On appeal, Batliner contends that trial counsel rendered ineffective assistance in failing to object to the factors relied on by the trial court when it decided to impose the upper term on count 1.
We conclude that Batliner's contention is without merit. We therefore affirm the judgment.
II.
FACTUAL AND PROCEDURAL BACKGROUND
We take many of the underlying facts of the case from the probation report, given that no trial was held because Batliner pleaded guilty to multiple of the charged offenses.

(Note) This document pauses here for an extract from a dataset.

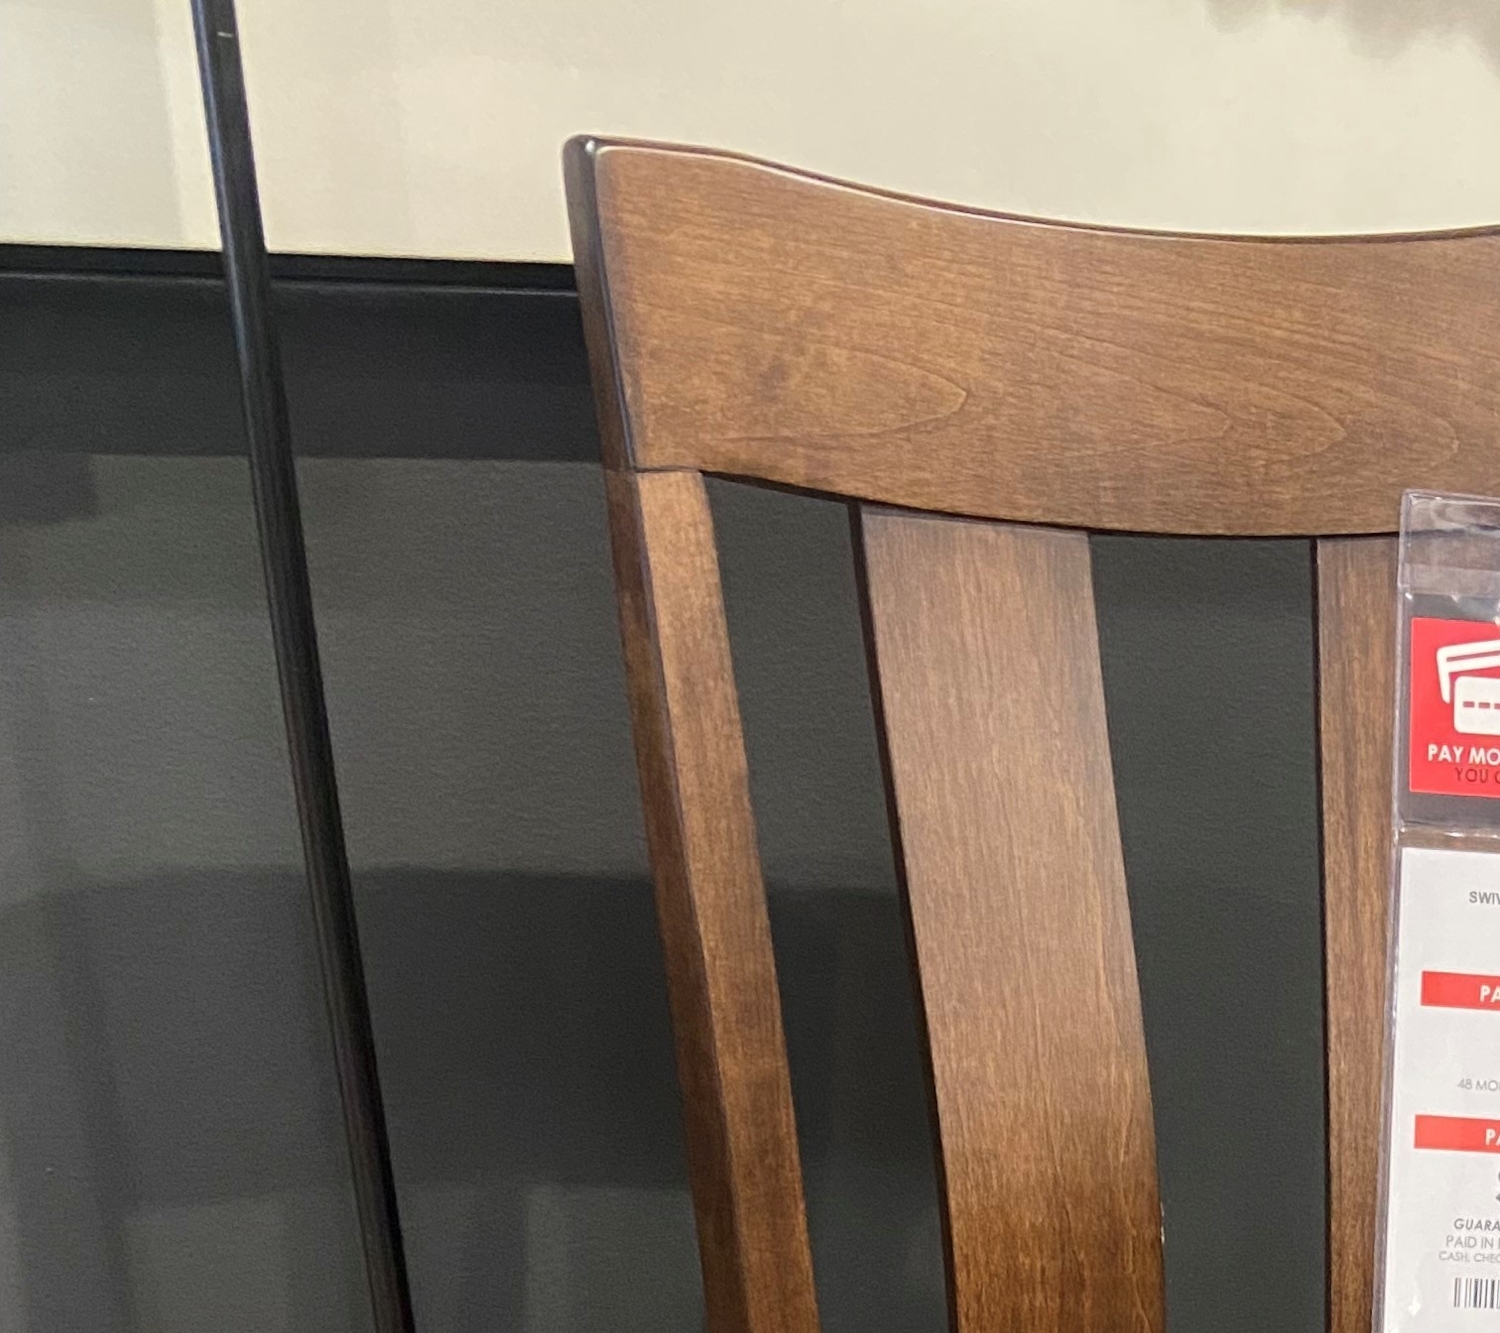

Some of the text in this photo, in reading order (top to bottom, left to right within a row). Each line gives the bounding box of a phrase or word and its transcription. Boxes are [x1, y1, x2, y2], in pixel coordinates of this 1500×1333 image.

While investigating internet child pornography, law enforcement officers found content on online "chat logs," in which Batliner participated, that suggested he had molested two of his nephews. Investigators interviewed Batliner's nephews in order to determine whether he had committed sexual offenses against them. Based on these interviews, it became clear that during the early 2000s, Batliner spent a significant amount of time with his then six- and eight-year-old nephews. He would take the children on "trips to Home Depot, hiking, to see a movie or to play video games at Batliner's house." He offered to take the boys to Disneyland, and he would at times sleep over at their house.
Batliner developed a sexual attraction to his young nephews. The older nephew recalled that Batliner frequently massaged him, which included pulling down his pants and massaging his bottom. Batliner would "always make a game of things." They would be naked together in the Jacuzzi. Batliner would put his hand on the victim's private area when throwing him into the pool. The older nephew discussed with his sibling the fact that Batliner would give them massages and that Batliner would massage his nephew "too close to his butt area." Batliner would "always ma[k]e sure to close the door and turn off the lights every time." Batliner also had the idea to play a game where the victim " 'just put [his penis] on parts of [Batliner's] body thinking it was fun.' " Batliner also created a game where he would entice his older nephew to put body parts, including his penis, into appellant's mouth while Batliner was blindfolded. Batliner would then "guess" which body part was inside his mouth.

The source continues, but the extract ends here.